I think everyone should, at least once in a while, harvest their own food.  Even if you don’t grow it yourself, it’s worth getting out there in a field or an orchard somewhere and harvesting what you’ll eat.  Ideally, you should do enough of it to get a little tired, and a little bit wishing you were done already, so that it doesn’t feel entirely like A Pleasant Rustic Playacting Adventure but instead you get inside the work of harvesting enough to get it that this is a job, an absolutely necessary job, and like all jobs, something that you sometimes just have to get done whether the spirit moves you or not.

I also highly recommend going out to pick when it is raining, or when the sun and/or the bugs are ferocious.  A little sunburn and eyes that have been stinging with sweat, a proper selection of insect bites, or a good goose-bumped chilled ride home with your goodies, will help you remember later on that the food does not arrive magically at the store or on your plate.  It’s about gratitude, and remembering that you have a bunch of people to thank for everything you eat that you weren’t personally responsible for growing and harvesting and transporting.

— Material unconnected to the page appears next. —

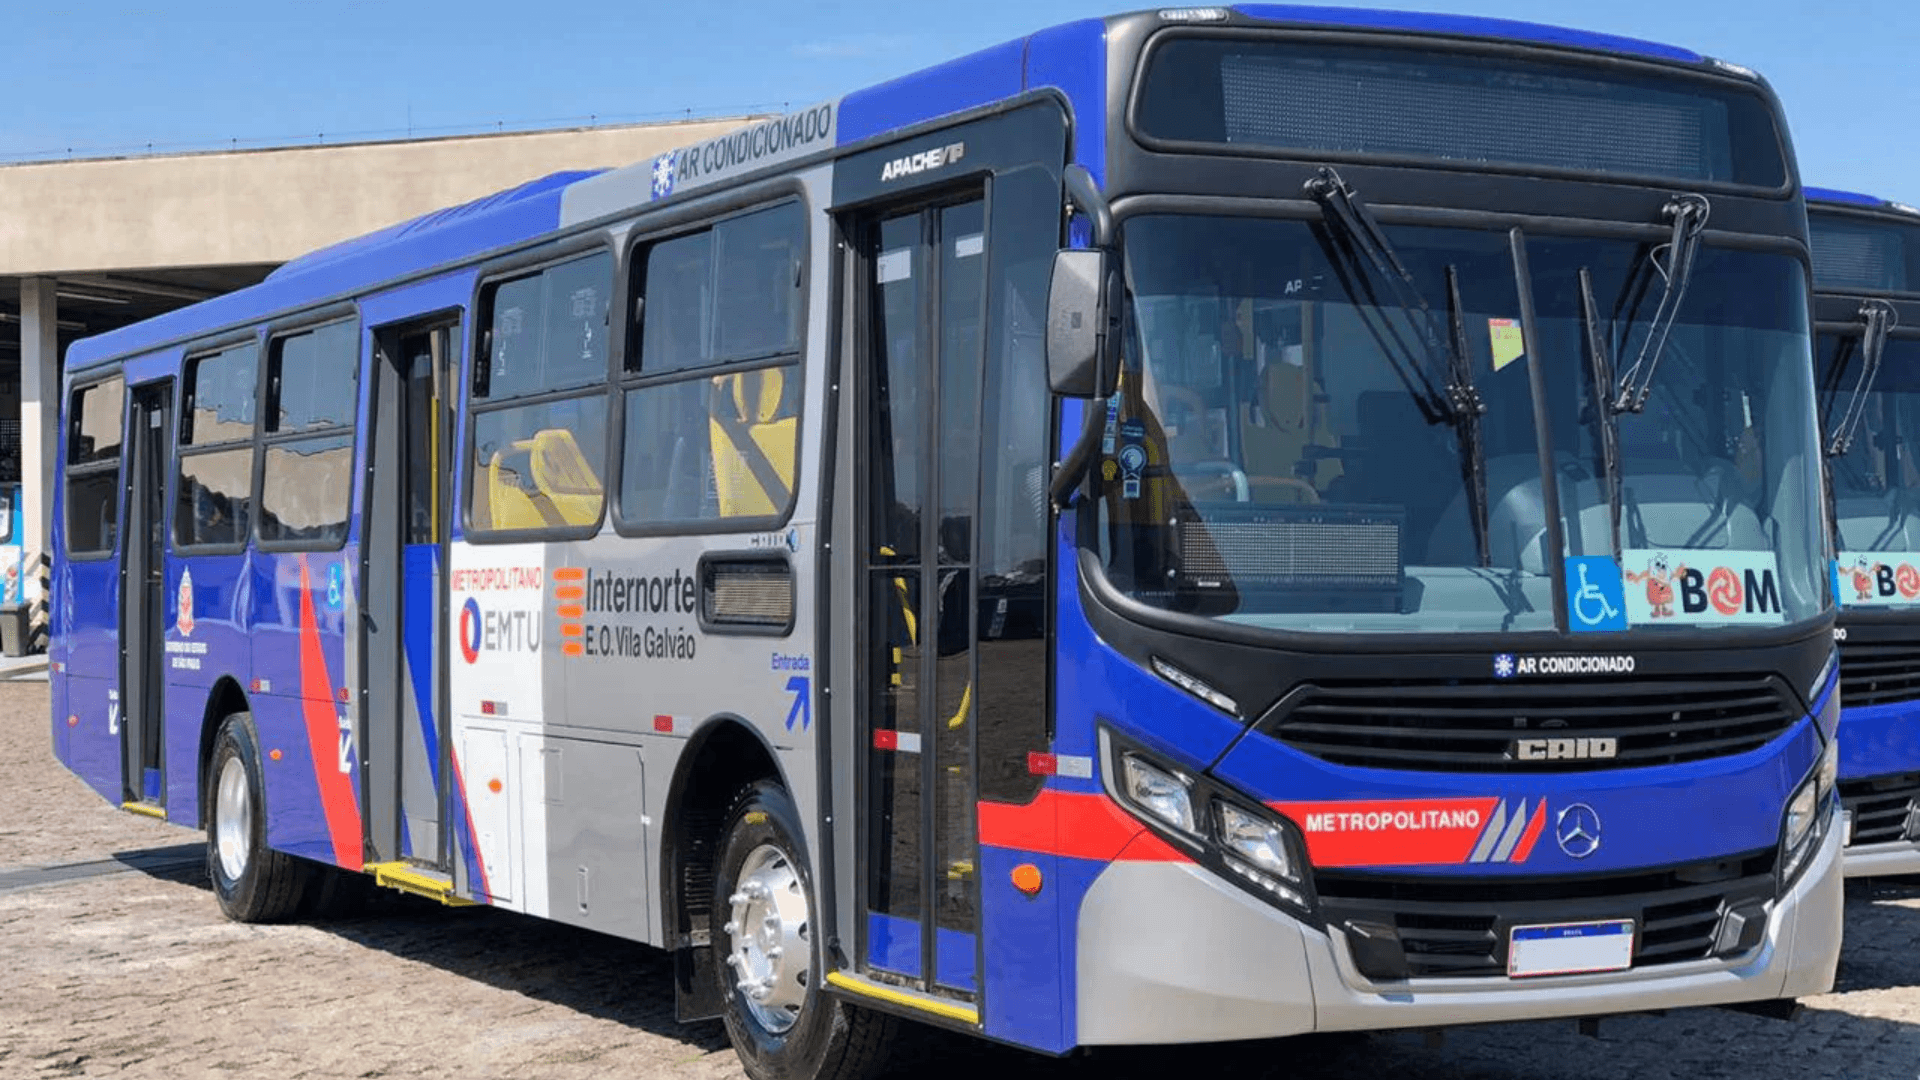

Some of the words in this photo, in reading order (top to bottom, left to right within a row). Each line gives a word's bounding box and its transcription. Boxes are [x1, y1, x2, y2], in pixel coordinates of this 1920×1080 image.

This morning, we went out in the rain to pick blackberries.  It was my Belovedary’s birthday yesterday, and he wanted to go berrying, and since we are neither of us sweet enough to melt and we planned to use the fruit immediately after we got it home, we figured picking in the wet would be okay.  Which it was.  It was quiet and lush and very, very wet, and we picked ten pounds of berries and got soaked to the skin.

blackberries

We brought our berries home, along with some red raspberries and some peaches from the same you-pick, and set about making blackberry pie and blackberry sorbet.  The day being as warm and wet as it was, the pie crust completely refused to behave, but I’m of the school that says it can be ugly as long as it tastes good, so I persevered.  I even took a photo, because I recall some of you folks were curious about what a pie bird looks like in use.  This is what a pie bird looks like when it’s in an ugly, patchworky, lumpy blackberry pie.

pie bird

We also ate several bowls of berries plain, between the two of us.  There’ll be no scurvy in this household anytime soon, that much is for sure.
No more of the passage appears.